Army fighter units equipped with this model included the  5th, 17th, 18th, 20th, 59th, 111th, 112th, 200th and 244th Sentai, and the 81st Independent Fighter Company. Pilots were trained at the Akeno and Hitachi (Mito) Army Flying Schools. Many Akeno and Hitachi instructors were from operational units and between training sorties they also flew combat missions, making the most of the few fighters that were operational, but these wings were only partially re-equipped.

During interception of high-flying B-29 Superfortresses (before the B-29s switched to low-level missions) the new fighters struggled as the engine's performance still dropped off at high altitudes.
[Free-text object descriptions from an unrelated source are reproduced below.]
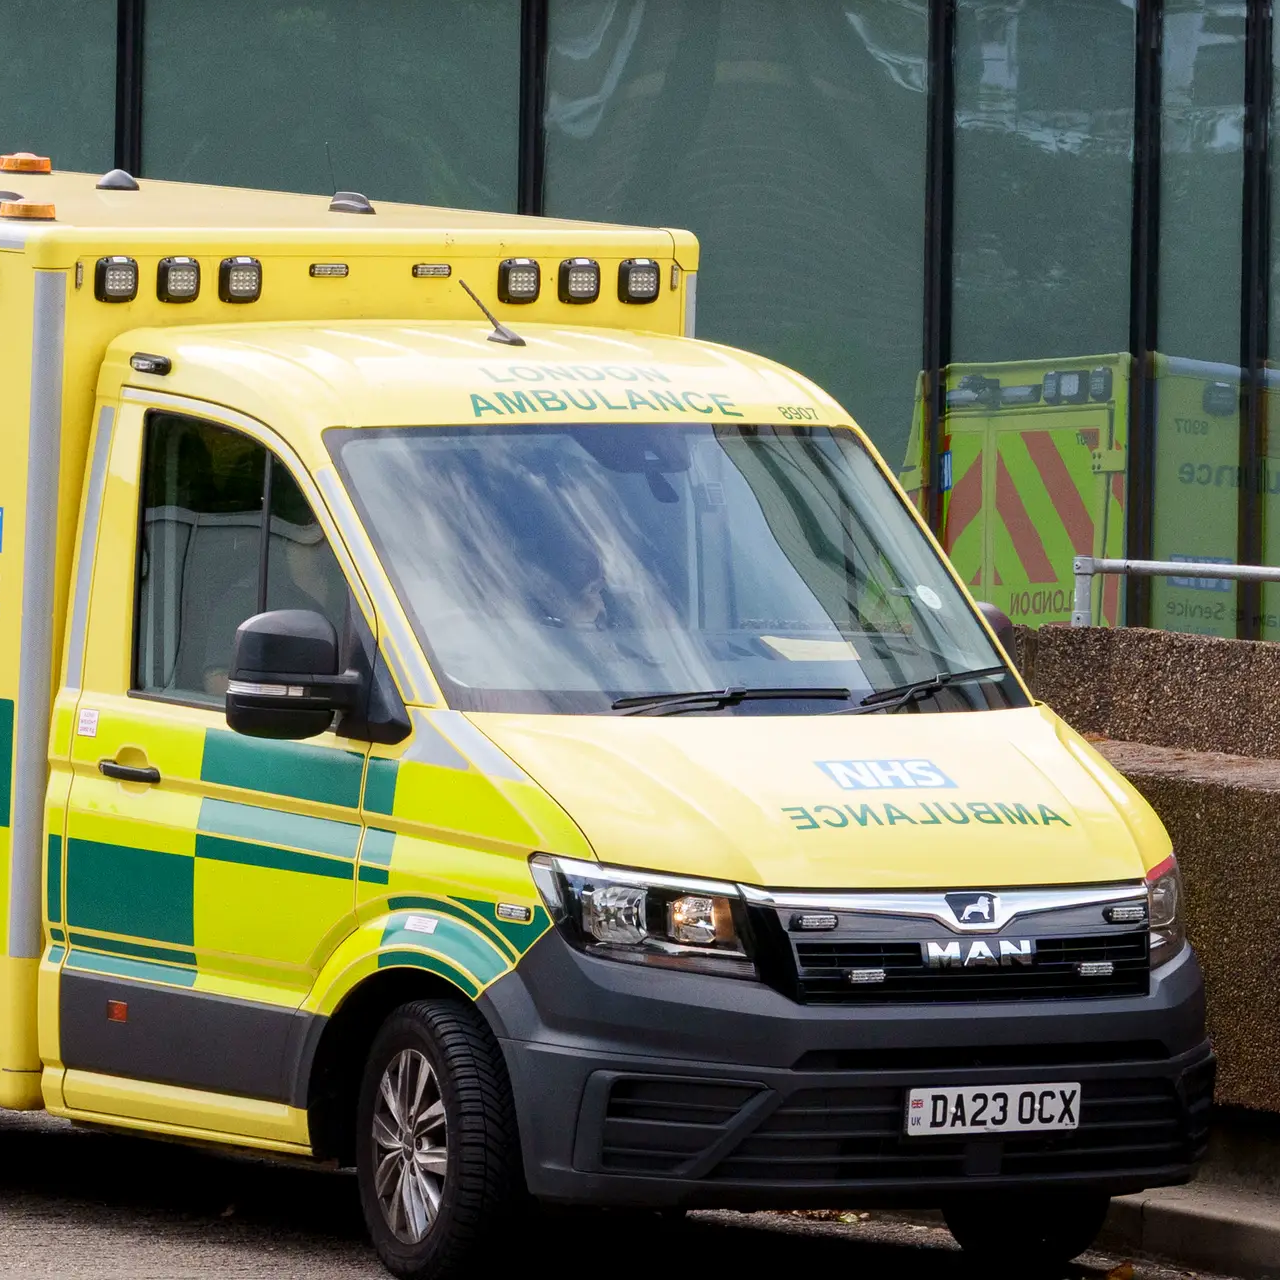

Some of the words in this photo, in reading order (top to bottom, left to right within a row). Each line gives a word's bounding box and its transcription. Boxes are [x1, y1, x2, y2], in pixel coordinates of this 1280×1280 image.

[478, 365, 671, 383] LONDON
[470, 388, 744, 418] AMBULANCE
[777, 405, 820, 421] 8907
[822, 759, 947, 789] NHS
[926, 940, 1033, 967] MAN
[911, 1116, 922, 1126] UK
[930, 1092, 1008, 1128] DA23
[1018, 1090, 1077, 1124] OCX
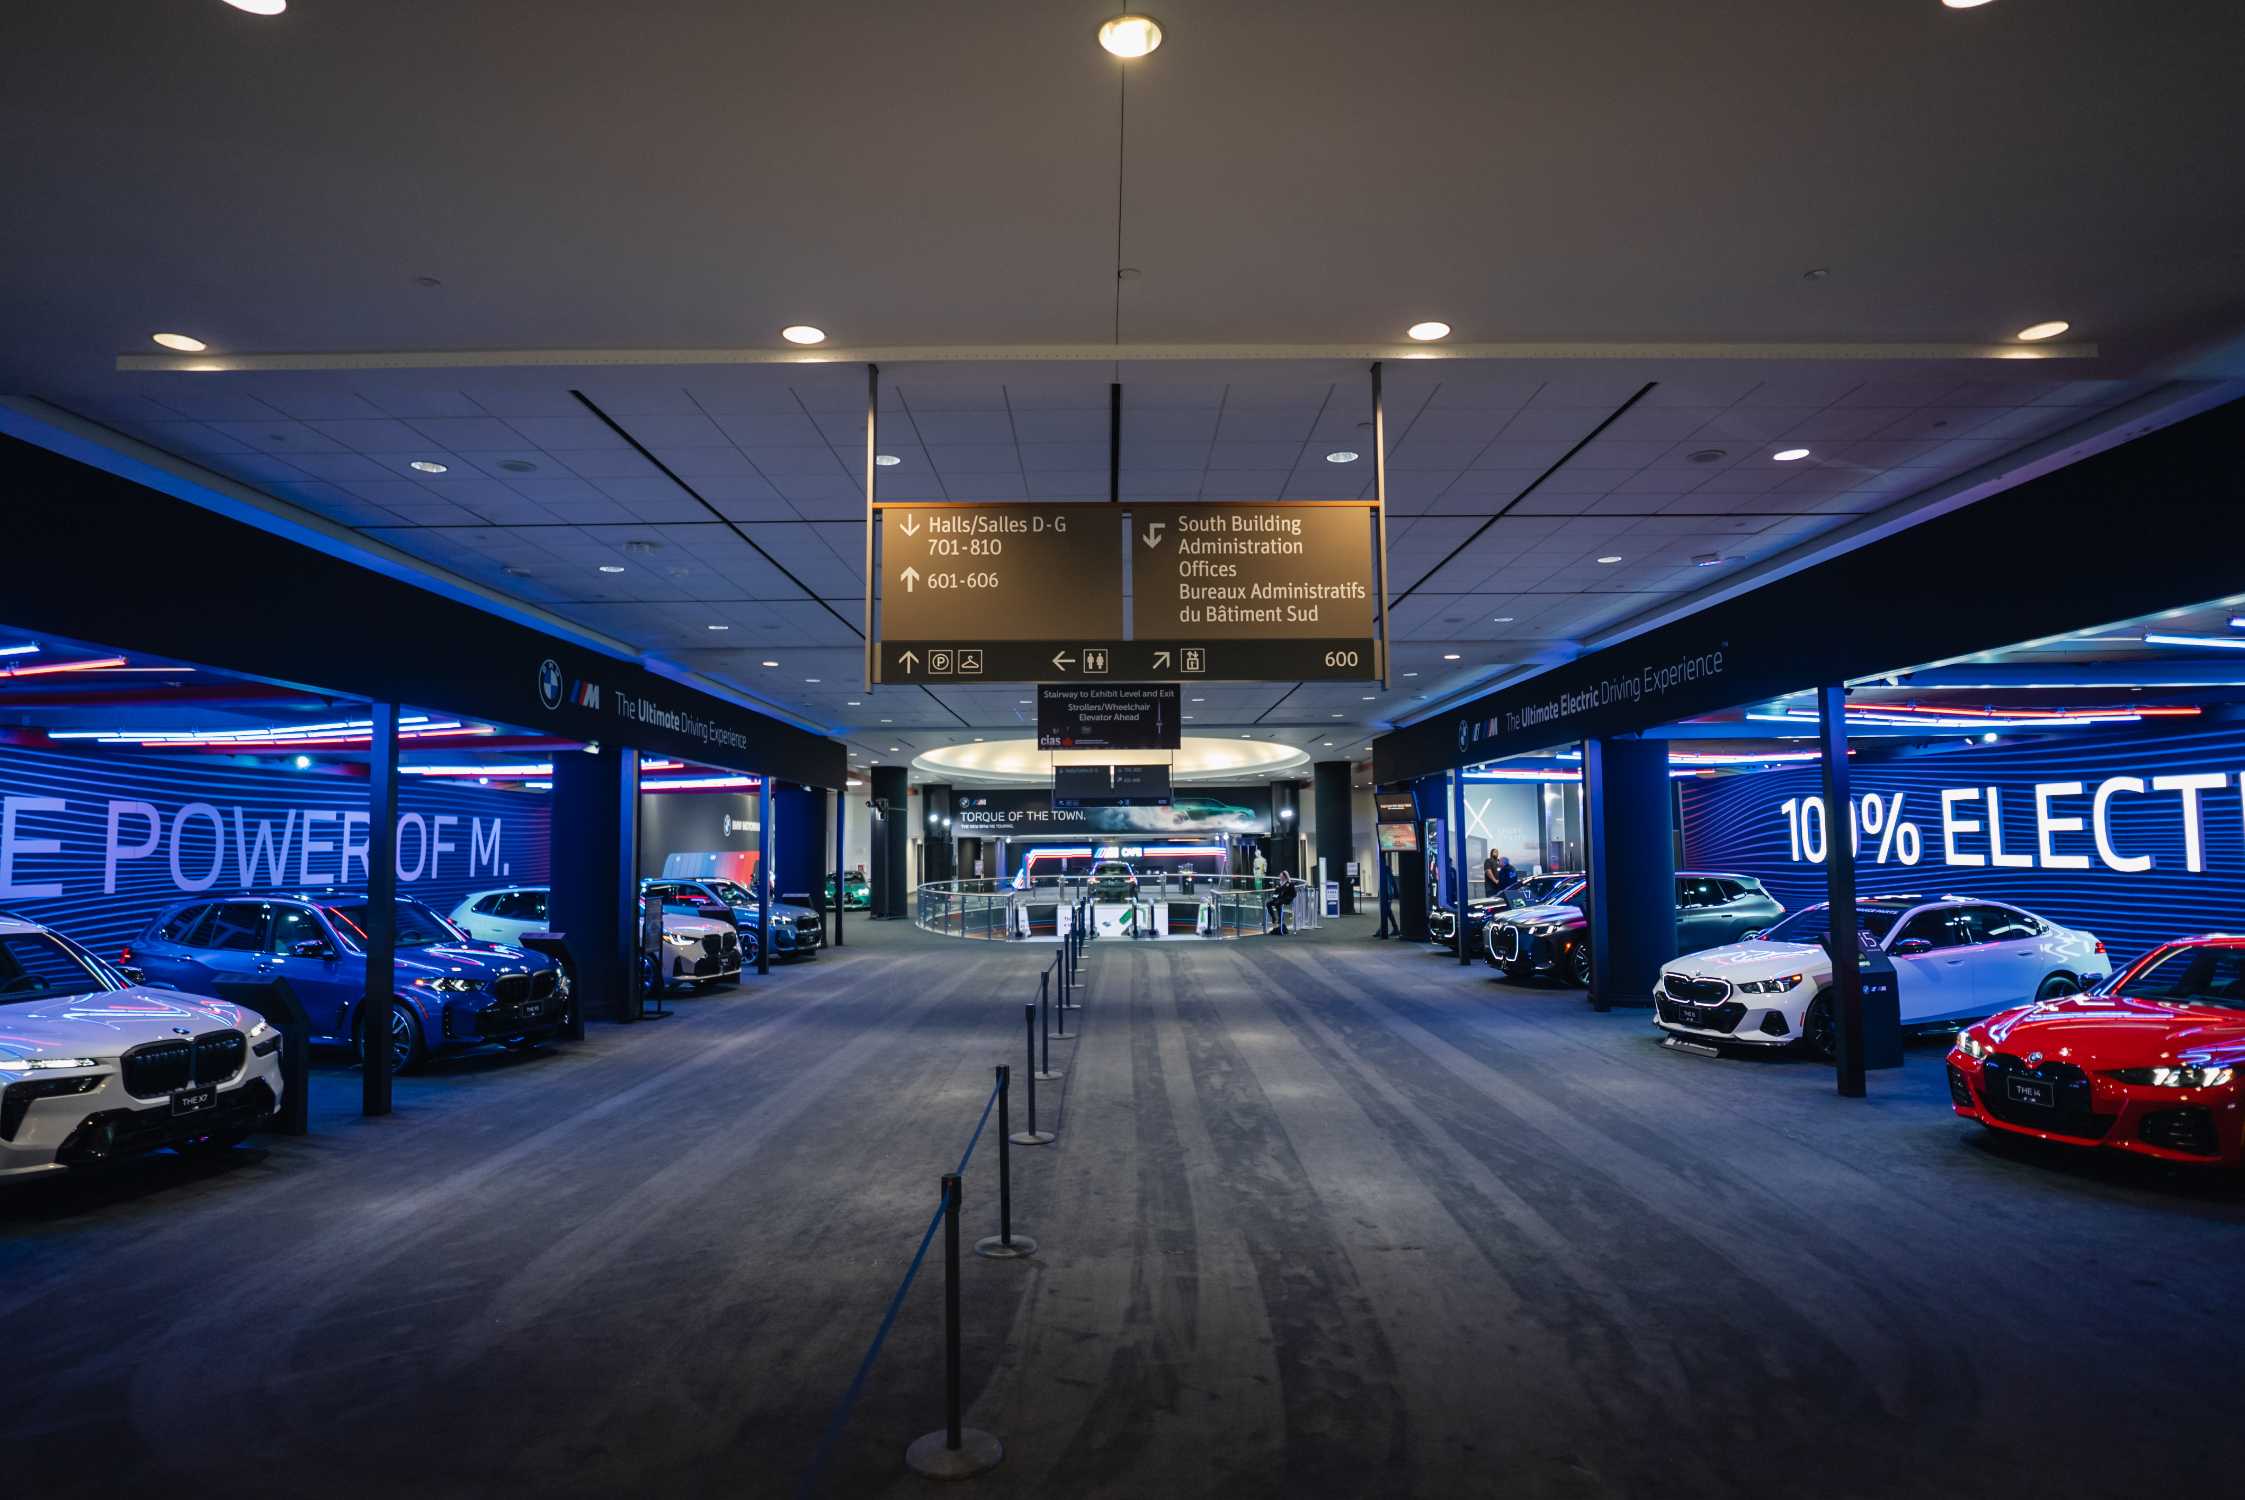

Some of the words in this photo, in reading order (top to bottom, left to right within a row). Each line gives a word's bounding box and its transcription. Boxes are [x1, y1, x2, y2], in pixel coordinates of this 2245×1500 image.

[929, 515, 1027, 535] Halls/Salles
[1178, 515, 1226, 532] South
[1232, 515, 1301, 535] Building
[928, 539, 1002, 555] 701-810
[1178, 538, 1303, 554] Administration
[1179, 560, 1237, 577] Offices
[928, 572, 999, 588] 601-606
[1179, 583, 1246, 599] Bureaux
[1251, 581, 1366, 599] Administratifs
[1180, 605, 1201, 622] du
[1207, 605, 1282, 622] Bâtiment
[1287, 605, 1318, 622] Sud
[1324, 651, 1358, 667] 600
[1043, 690, 1079, 699] Stairway
[1090, 690, 1118, 698] Exhibit
[1119, 690, 1141, 698] Level
[1142, 690, 1158, 698] and
[1159, 689, 1175, 698] Exit
[1506, 712, 1520, 732] The
[1521, 702, 1559, 727] Ultimate
[1560, 686, 1599, 717] Electric
[1600, 676, 1641, 704] Driving
[1644, 651, 1723, 695] Experience
[1067, 703, 1150, 711] Strollers/Wheelchair
[615, 690, 636, 719] The
[638, 698, 680, 732] Ultimate
[681, 712, 708, 743] Driving
[709, 720, 747, 749] Experience
[1079, 713, 1112, 721] Elevator
[1113, 713, 1140, 721] Ahead
[960, 811, 1005, 823] TORQUE
[1008, 811, 1024, 821] OF
[1027, 811, 1049, 821] THE
[1051, 810, 1087, 821] TOWN.
[1781, 792, 1922, 866] 10%
[1942, 772, 2245, 873] ELECT
[104, 800, 370, 894] POWER
[396, 812, 458, 881] OF
[469, 816, 510, 877] M.
[2016, 1085, 2032, 1096] THE
[182, 1096, 198, 1106] THE
The most effective strategy against the B-29 Superfortress remained the exceedingly dangerous head-on attack, which left the fighter relatively stationary in the sights of the bomber's defensive guns, making it an easy target. In this type of combat, the Navy's Mitsubishi J2M Raiden remained superior.

111th Sentai Ki-100s intercepted B-29 Superfortresses attacking Kobe on 5 June 1945, claiming six bombers shot down and five 'probables'. The Americans recorded a loss of nine B-29s, including those downed by Ki-100s over the target area. Ki-100s of the same unit joined by 244th Sentai Ki-84s in a large-scale engagement against 506th Fighter Group P-51 Mustangs over Nagoya Bay on 16 July 1945. The Ki-100 pilots claimed six P-51s and in return, five Ki-100s were lost, with three pilots killed, although American records only show one loss.

On 25 July 1945, 18 244th Sentai Ki-100 fighters clashed with 10 VF-31 Grumman F6F Hellcats from the light aircraft carrier  in an air battle where the Ki-100 pilots claimed 12 victories with two losses. Claims and counter-claims for this action remain contentious. The Americans claimed two Ki-100s and admitted to losing two VF-31 F6F-5 Hellcats. These include a Ki-100 and a Hellcat which collided, killing both pilots.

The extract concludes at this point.